This Rum-and-Coke Might Be New York’s Most Sophisticated New Drink

Champagne is involved. Photo: Andrew Kist

The rum-and-cola at BlackTail, a new Cuban-themed bar in lower Manhattan from the Dead Rabbit team, is poorly named. It is not a rum-and-cola because, let’s be honest, it is not merely rum plus cola. It’s more like rum times cola. Rum to the power of cola. It’s Coke, at home in Atlanta, receiving rum-scented love letters from a paramour abroad. On a scale of 1 to 10, this rum-and-Coke is an 8, but that’s not an “8.” It’s an infinity symbol, standing at attention, full of wokeness.

Technically, yes, okay, rum and cola are the drink’s two main ingredients, but this is more than a clever take on the classic Cuba Libre. It’s a drink stripped down only to what works, then built back up to what dazzles. It starts with a lightly aged Bacardi rum and Coca-Cola syrup. The drink gets its bubbles from Champagne. It’s also spiked with a half-teaspoon of Fernet Branca and a dash of the owners’ homemade bitters.

It is also — as chance would have it — a timely political take on Cuba during a time when it’s the freest it’s been in half a century. “We actually had this idea before the Dead Rabbit,” says Jack McGarry, a managing partner at BlackTail, along with his Rabbit pal Sean Muldoon. “Seven or eight years ago. We wanted to call it the Pan-American Clipper. But then we researched the history, and the blacktails just won us over.”

The blacktails date back to Prohibition — Wait!

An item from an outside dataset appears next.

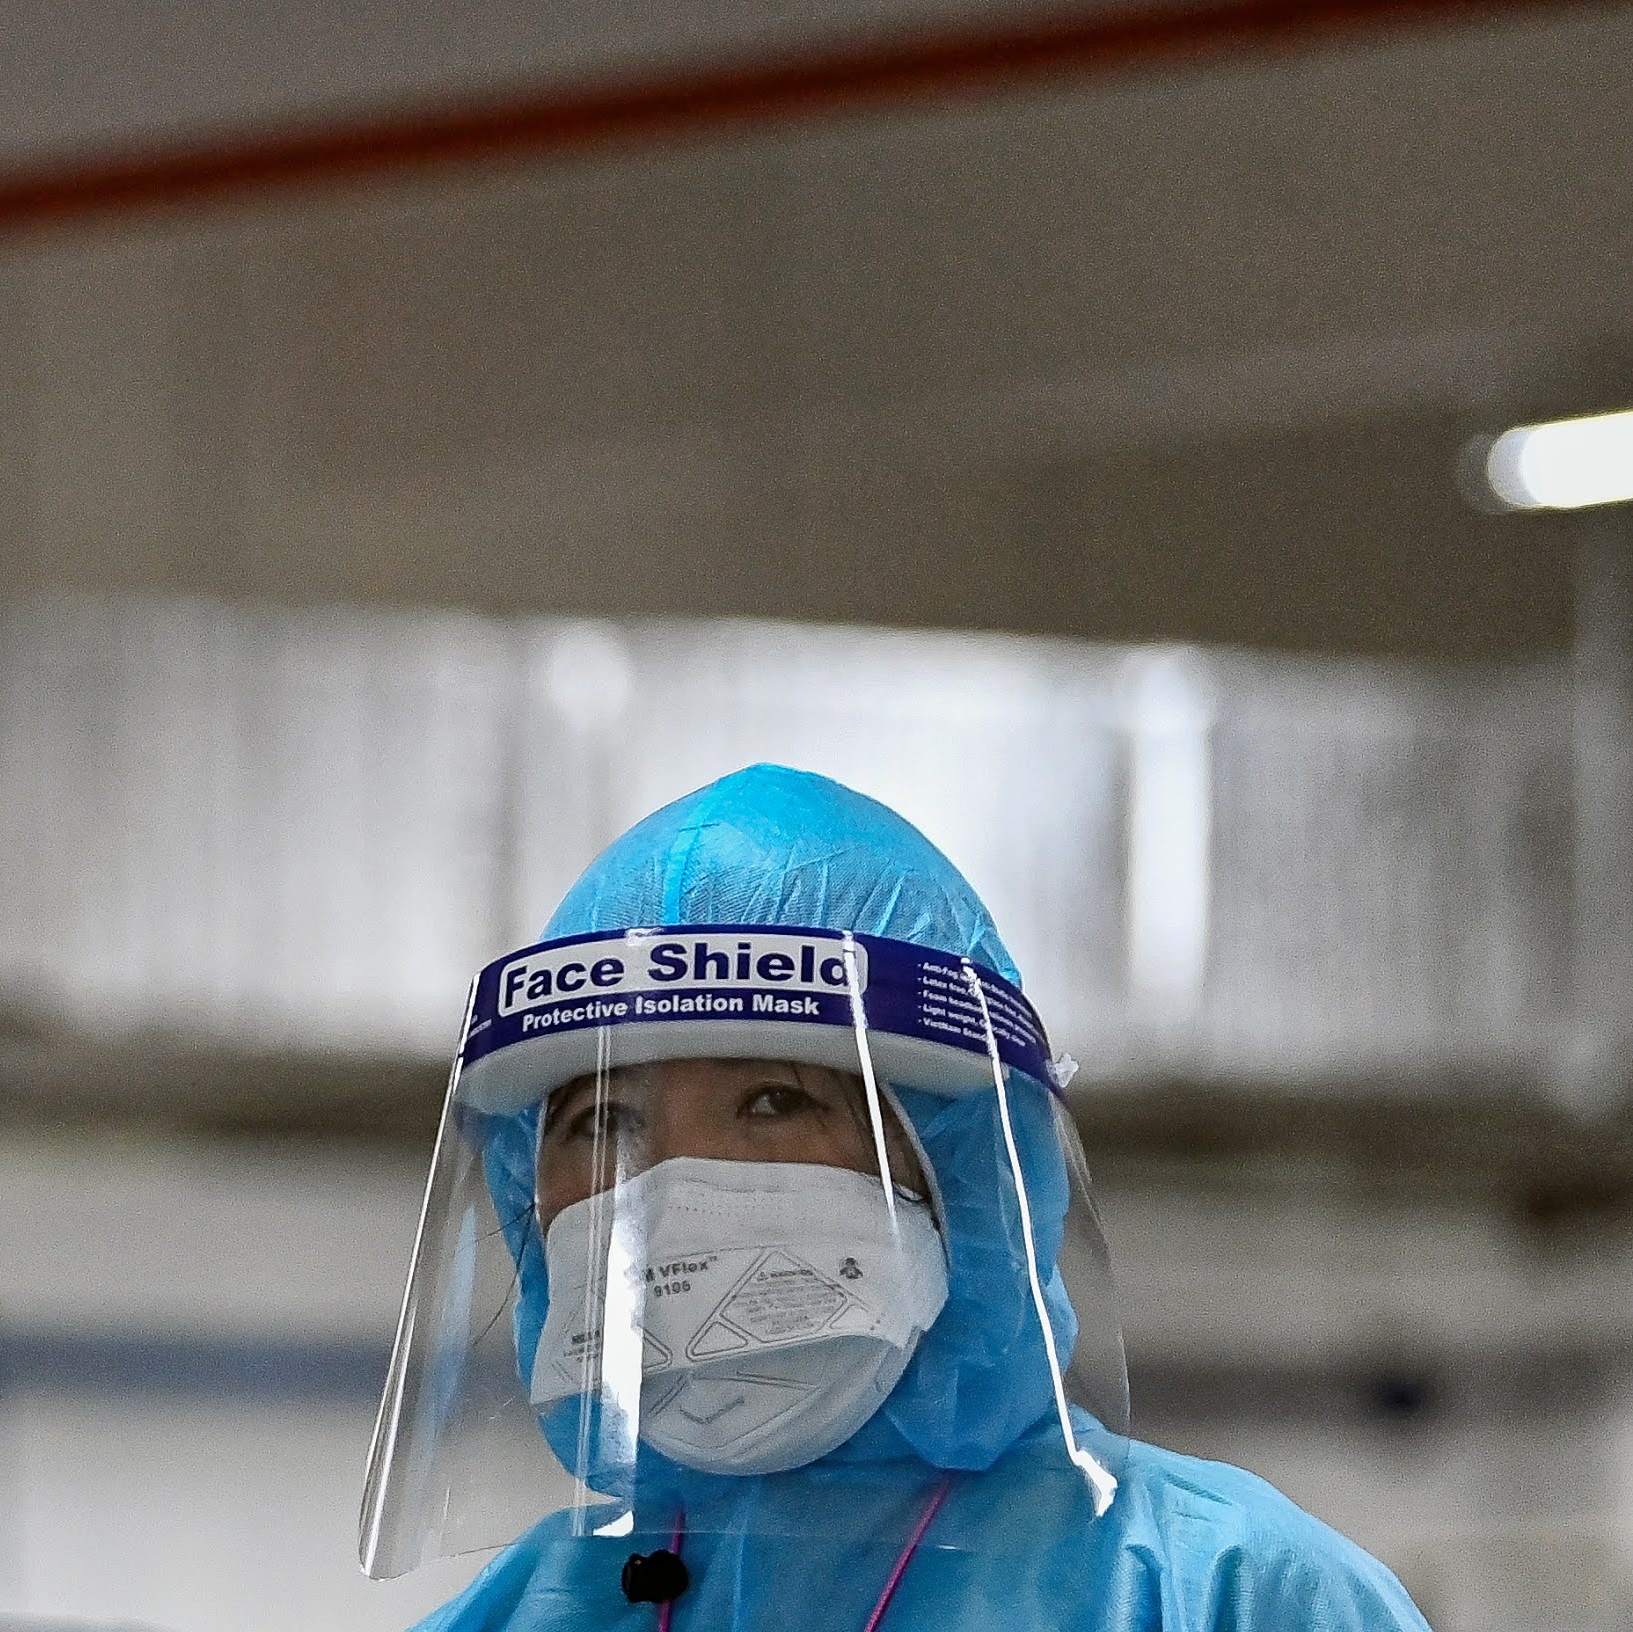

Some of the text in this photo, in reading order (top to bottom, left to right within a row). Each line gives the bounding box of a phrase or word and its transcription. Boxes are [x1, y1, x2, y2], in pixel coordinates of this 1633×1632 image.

[504, 957, 626, 1009] Face
[521, 993, 820, 1032] Protective Isolation Mask

Don’t go anywhere! This isn’t a story about a speakeasy! — when small airplanes with signature black tails would shuttle thirsty New Yorkers from their dry Manhattan to the “wet” shores of Havana, which is not just home to the daiquiri and the mojito, but also, thanks to Ernest Hemingway, the phrase “one for the road.”

BlackTail’s other drinks are just as highly considered. The rye-and-ginger has fig. There’s yuzu in the Nacional. A drink might contain apple brandy, honey, orange, pomegranate, and Sriracha. Absinthe, Campari, coffee, and vanilla show up, too. Even green tea, lime, pisco, and pear soda. It’s no wonder the cocktail menu is a 78-page hardcover book of 40-odd drinks, all priced at $16 (the rest of the book is devoted to the history behind the place).

Daiquiris have become something of a calling card among the city’s top bartenders (thanks, at least in part, to the late Sasha Petraske’s affinity for the mixture of rum, lime, and sugar). But McGarry’s frozen daiquiris and flavored shaken versions — available in banana, lime, pineapple, or strawberry — nevertheless manage to yank the drink free of its Applebee’s-and-cruise-ship stigma and turn it into something genuinely elegant. It’s a lot of mixology (the strawberries in that daiquiri are cooked sous-vide for two hours), but the drinks were meticulously researched from the era of Prohibition through to Embargo in 1960. And the creative flair on display at BlackTail is no different than what’s happening right now in Havana, where even ordering a simple gin-and-tonic will get you a goblet of cocktail filled with vanilla beans and rose petals.

A great drink doesn’t have to have 20 ingredients,” McGarry says. “We have a few as low as four. We just put a lot of work into them. Every two weeks, we do R&D. A drink might go through as few as 10 to 15 versions in that process, or as many as 40 to 50.”

That attention to detail is why McGarry remains a star on the international bartending circuit. And it’s also why a drink as seemingly simple as a rum-and-cola can speak to one country’s history, as well as its future.